DATA TO USE START

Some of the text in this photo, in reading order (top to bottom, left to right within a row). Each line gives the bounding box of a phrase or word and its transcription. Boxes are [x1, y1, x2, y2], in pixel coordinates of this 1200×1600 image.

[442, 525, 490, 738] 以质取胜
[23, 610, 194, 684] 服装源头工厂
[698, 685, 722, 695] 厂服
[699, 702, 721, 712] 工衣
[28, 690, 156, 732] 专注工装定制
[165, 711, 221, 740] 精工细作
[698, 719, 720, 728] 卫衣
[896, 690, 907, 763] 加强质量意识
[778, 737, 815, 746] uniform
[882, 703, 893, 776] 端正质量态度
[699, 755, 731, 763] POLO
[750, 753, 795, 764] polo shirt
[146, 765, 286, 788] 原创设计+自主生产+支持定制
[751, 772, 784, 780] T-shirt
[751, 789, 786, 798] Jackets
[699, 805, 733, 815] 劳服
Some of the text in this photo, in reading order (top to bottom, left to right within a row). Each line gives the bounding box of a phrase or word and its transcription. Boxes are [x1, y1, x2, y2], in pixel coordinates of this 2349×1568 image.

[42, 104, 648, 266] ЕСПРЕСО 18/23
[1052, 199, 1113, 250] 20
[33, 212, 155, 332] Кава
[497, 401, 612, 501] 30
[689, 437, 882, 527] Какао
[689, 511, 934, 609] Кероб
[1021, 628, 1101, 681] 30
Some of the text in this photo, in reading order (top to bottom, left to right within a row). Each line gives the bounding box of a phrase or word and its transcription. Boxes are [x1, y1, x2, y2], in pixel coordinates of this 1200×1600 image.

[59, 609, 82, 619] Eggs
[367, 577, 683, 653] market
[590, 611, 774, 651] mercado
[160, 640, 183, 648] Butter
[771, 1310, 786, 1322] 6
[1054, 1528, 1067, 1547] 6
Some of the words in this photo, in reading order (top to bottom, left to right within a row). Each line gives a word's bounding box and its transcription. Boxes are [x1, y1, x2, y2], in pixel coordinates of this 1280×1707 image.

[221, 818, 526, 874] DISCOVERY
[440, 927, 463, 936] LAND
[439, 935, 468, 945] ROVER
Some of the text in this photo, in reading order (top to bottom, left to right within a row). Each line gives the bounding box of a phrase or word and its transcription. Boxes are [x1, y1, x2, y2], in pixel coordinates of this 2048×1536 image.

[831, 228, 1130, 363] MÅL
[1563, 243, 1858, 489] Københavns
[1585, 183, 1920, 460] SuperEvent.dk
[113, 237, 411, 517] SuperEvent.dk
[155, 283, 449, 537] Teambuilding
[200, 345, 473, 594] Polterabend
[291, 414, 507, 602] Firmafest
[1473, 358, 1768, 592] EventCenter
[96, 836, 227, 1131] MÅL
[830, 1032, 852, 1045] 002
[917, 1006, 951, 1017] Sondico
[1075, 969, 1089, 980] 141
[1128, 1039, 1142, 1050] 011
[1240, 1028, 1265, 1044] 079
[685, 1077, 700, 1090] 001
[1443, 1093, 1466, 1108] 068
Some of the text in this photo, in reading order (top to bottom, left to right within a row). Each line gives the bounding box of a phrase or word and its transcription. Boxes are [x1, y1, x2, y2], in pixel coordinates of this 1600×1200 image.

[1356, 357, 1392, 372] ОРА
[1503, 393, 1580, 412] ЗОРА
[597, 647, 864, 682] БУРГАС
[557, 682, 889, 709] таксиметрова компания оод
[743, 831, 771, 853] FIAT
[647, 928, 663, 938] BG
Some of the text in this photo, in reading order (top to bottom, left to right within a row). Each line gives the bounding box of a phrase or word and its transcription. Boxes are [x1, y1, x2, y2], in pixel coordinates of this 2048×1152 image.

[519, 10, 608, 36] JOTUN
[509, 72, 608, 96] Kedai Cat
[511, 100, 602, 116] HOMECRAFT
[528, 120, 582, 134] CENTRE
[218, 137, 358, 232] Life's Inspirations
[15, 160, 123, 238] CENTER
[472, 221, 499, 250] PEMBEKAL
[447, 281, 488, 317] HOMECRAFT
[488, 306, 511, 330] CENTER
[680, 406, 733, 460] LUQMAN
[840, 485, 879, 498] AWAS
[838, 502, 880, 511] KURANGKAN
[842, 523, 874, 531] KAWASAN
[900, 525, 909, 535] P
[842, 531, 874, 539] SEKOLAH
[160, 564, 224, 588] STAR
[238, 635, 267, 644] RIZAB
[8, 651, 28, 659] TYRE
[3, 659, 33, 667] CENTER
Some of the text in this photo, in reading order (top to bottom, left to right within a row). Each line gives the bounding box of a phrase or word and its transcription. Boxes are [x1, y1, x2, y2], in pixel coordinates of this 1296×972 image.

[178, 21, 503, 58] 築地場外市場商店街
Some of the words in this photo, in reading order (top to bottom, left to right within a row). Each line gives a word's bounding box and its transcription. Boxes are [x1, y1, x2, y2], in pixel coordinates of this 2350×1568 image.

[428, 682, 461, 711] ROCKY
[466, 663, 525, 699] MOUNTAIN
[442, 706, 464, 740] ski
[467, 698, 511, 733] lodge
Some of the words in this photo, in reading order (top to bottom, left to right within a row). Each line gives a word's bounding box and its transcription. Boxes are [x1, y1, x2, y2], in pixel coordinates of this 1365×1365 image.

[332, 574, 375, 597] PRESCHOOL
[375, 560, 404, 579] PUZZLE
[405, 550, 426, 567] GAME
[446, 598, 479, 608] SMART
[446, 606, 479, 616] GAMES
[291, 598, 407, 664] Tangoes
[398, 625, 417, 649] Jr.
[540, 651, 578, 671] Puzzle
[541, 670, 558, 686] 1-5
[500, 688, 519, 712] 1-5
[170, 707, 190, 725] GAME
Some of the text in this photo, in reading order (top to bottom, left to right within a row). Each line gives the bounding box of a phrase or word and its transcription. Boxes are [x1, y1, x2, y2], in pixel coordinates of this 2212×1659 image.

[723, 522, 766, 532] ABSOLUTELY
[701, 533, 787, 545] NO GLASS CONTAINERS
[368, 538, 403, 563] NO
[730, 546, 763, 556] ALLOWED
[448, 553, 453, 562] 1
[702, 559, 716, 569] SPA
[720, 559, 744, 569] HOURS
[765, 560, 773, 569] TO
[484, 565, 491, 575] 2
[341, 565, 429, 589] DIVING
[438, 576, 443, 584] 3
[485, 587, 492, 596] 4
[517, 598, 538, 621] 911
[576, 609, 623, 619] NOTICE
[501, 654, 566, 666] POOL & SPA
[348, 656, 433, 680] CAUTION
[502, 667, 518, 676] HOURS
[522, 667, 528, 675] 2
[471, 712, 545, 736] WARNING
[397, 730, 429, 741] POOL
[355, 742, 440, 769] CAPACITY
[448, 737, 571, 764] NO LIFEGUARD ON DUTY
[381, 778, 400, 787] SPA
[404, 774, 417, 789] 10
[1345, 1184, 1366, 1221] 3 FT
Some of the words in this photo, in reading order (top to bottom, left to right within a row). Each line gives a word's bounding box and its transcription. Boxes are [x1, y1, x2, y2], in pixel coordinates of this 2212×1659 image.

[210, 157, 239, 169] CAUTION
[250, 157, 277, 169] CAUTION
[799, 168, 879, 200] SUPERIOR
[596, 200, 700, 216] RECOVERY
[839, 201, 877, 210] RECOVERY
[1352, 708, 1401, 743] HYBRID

DATA TO USE END

## [WHAT THE EXERCISE ASKS]
Every entry above needs to be quoted exactly.

## [ANSWER TO THE EXERCISE]
Some of the text in this photo, in reading order (top to bottom, left to right within a row). Each line gives the bounding box of a phrase or word and its transcription. Boxes are [x1, y1, x2, y2], in pixel coordinates of this 1200×1600 image.

[442, 525, 490, 738] 以质取胜
[23, 610, 194, 684] 服装源头工厂
[698, 685, 722, 695] 厂服
[699, 702, 721, 712] 工衣
[28, 690, 156, 732] 专注工装定制
[165, 711, 221, 740] 精工细作
[698, 719, 720, 728] 卫衣
[896, 690, 907, 763] 加强质量意识
[778, 737, 815, 746] uniform
[882, 703, 893, 776] 端正质量态度
[699, 755, 731, 763] POLO
[750, 753, 795, 764] polo shirt
[146, 765, 286, 788] 原创设计+自主生产+支持定制
[751, 772, 784, 780] T-shirt
[751, 789, 786, 798] Jackets
[699, 805, 733, 815] 劳服
Some of the text in this photo, in reading order (top to bottom, left to right within a row). Each line gives the bounding box of a phrase or word and its transcription. Boxes are [x1, y1, x2, y2], in pixel coordinates of this 2349×1568 image.

[42, 104, 648, 266] ЕСПРЕСО 18/23
[1052, 199, 1113, 250] 20
[33, 212, 155, 332] Кава
[497, 401, 612, 501] 30
[689, 437, 882, 527] Какао
[689, 511, 934, 609] Кероб
[1021, 628, 1101, 681] 30
Some of the text in this photo, in reading order (top to bottom, left to right within a row). Each line gives the bounding box of a phrase or word and its transcription. Boxes are [x1, y1, x2, y2], in pixel coordinates of this 1200×1600 image.

[59, 609, 82, 619] Eggs
[367, 577, 683, 653] market
[590, 611, 774, 651] mercado
[160, 640, 183, 648] Butter
[771, 1310, 786, 1322] 6
[1054, 1528, 1067, 1547] 6
Some of the words in this photo, in reading order (top to bottom, left to right within a row). Each line gives a word's bounding box and its transcription. Boxes are [x1, y1, x2, y2], in pixel coordinates of this 1280×1707 image.

[221, 818, 526, 874] DISCOVERY
[440, 927, 463, 936] LAND
[439, 935, 468, 945] ROVER
Some of the text in this photo, in reading order (top to bottom, left to right within a row). Each line gives the bounding box of a phrase or word and its transcription. Boxes are [x1, y1, x2, y2], in pixel coordinates of this 2048×1536 image.

[831, 228, 1130, 363] MÅL
[1563, 243, 1858, 489] Københavns
[1585, 183, 1920, 460] SuperEvent.dk
[113, 237, 411, 517] SuperEvent.dk
[155, 283, 449, 537] Teambuilding
[200, 345, 473, 594] Polterabend
[291, 414, 507, 602] Firmafest
[1473, 358, 1768, 592] EventCenter
[96, 836, 227, 1131] MÅL
[830, 1032, 852, 1045] 002
[917, 1006, 951, 1017] Sondico
[1075, 969, 1089, 980] 141
[1128, 1039, 1142, 1050] 011
[1240, 1028, 1265, 1044] 079
[685, 1077, 700, 1090] 001
[1443, 1093, 1466, 1108] 068
Some of the text in this photo, in reading order (top to bottom, left to right within a row). Each line gives the bounding box of a phrase or word and its transcription. Boxes are [x1, y1, x2, y2], in pixel coordinates of this 1600×1200 image.

[1356, 357, 1392, 372] ОРА
[1503, 393, 1580, 412] ЗОРА
[597, 647, 864, 682] БУРГАС
[557, 682, 889, 709] таксиметрова компания оод
[743, 831, 771, 853] FIAT
[647, 928, 663, 938] BG
Some of the text in this photo, in reading order (top to bottom, left to right within a row). Each line gives the bounding box of a phrase or word and its transcription. Boxes are [x1, y1, x2, y2], in pixel coordinates of this 2048×1152 image.

[519, 10, 608, 36] JOTUN
[509, 72, 608, 96] Kedai Cat
[511, 100, 602, 116] HOMECRAFT
[528, 120, 582, 134] CENTRE
[218, 137, 358, 232] Life's Inspirations
[15, 160, 123, 238] CENTER
[472, 221, 499, 250] PEMBEKAL
[447, 281, 488, 317] HOMECRAFT
[488, 306, 511, 330] CENTER
[680, 406, 733, 460] LUQMAN
[840, 485, 879, 498] AWAS
[838, 502, 880, 511] KURANGKAN
[842, 523, 874, 531] KAWASAN
[900, 525, 909, 535] P
[842, 531, 874, 539] SEKOLAH
[160, 564, 224, 588] STAR
[238, 635, 267, 644] RIZAB
[8, 651, 28, 659] TYRE
[3, 659, 33, 667] CENTER
Some of the text in this photo, in reading order (top to bottom, left to right within a row). Each line gives the bounding box of a phrase or word and its transcription. Boxes are [x1, y1, x2, y2], in pixel coordinates of this 1296×972 image.

[178, 21, 503, 58] 築地場外市場商店街
Some of the words in this photo, in reading order (top to bottom, left to right within a row). Each line gives a word's bounding box and its transcription. Boxes are [x1, y1, x2, y2], in pixel coordinates of this 2350×1568 image.

[428, 682, 461, 711] ROCKY
[466, 663, 525, 699] MOUNTAIN
[442, 706, 464, 740] ski
[467, 698, 511, 733] lodge
Some of the words in this photo, in reading order (top to bottom, left to right within a row). Each line gives a word's bounding box and its transcription. Boxes are [x1, y1, x2, y2], in pixel coordinates of this 1365×1365 image.

[332, 574, 375, 597] PRESCHOOL
[375, 560, 404, 579] PUZZLE
[405, 550, 426, 567] GAME
[446, 598, 479, 608] SMART
[446, 606, 479, 616] GAMES
[291, 598, 407, 664] Tangoes
[398, 625, 417, 649] Jr.
[540, 651, 578, 671] Puzzle
[541, 670, 558, 686] 1-5
[500, 688, 519, 712] 1-5
[170, 707, 190, 725] GAME
Some of the text in this photo, in reading order (top to bottom, left to right within a row). Each line gives the bounding box of a phrase or word and its transcription. Boxes are [x1, y1, x2, y2], in pixel coordinates of this 2212×1659 image.

[723, 522, 766, 532] ABSOLUTELY
[701, 533, 787, 545] NO GLASS CONTAINERS
[368, 538, 403, 563] NO
[730, 546, 763, 556] ALLOWED
[448, 553, 453, 562] 1
[702, 559, 716, 569] SPA
[720, 559, 744, 569] HOURS
[765, 560, 773, 569] TO
[484, 565, 491, 575] 2
[341, 565, 429, 589] DIVING
[438, 576, 443, 584] 3
[485, 587, 492, 596] 4
[517, 598, 538, 621] 911
[576, 609, 623, 619] NOTICE
[501, 654, 566, 666] POOL & SPA
[348, 656, 433, 680] CAUTION
[502, 667, 518, 676] HOURS
[522, 667, 528, 675] 2
[471, 712, 545, 736] WARNING
[397, 730, 429, 741] POOL
[355, 742, 440, 769] CAPACITY
[448, 737, 571, 764] NO LIFEGUARD ON DUTY
[381, 778, 400, 787] SPA
[404, 774, 417, 789] 10
[1345, 1184, 1366, 1221] 3 FT
Some of the words in this photo, in reading order (top to bottom, left to right within a row). Each line gives a word's bounding box and its transcription. Boxes are [x1, y1, x2, y2], in pixel coordinates of this 2212×1659 image.

[210, 157, 239, 169] CAUTION
[250, 157, 277, 169] CAUTION
[799, 168, 879, 200] SUPERIOR
[596, 200, 700, 216] RECOVERY
[839, 201, 877, 210] RECOVERY
[1352, 708, 1401, 743] HYBRID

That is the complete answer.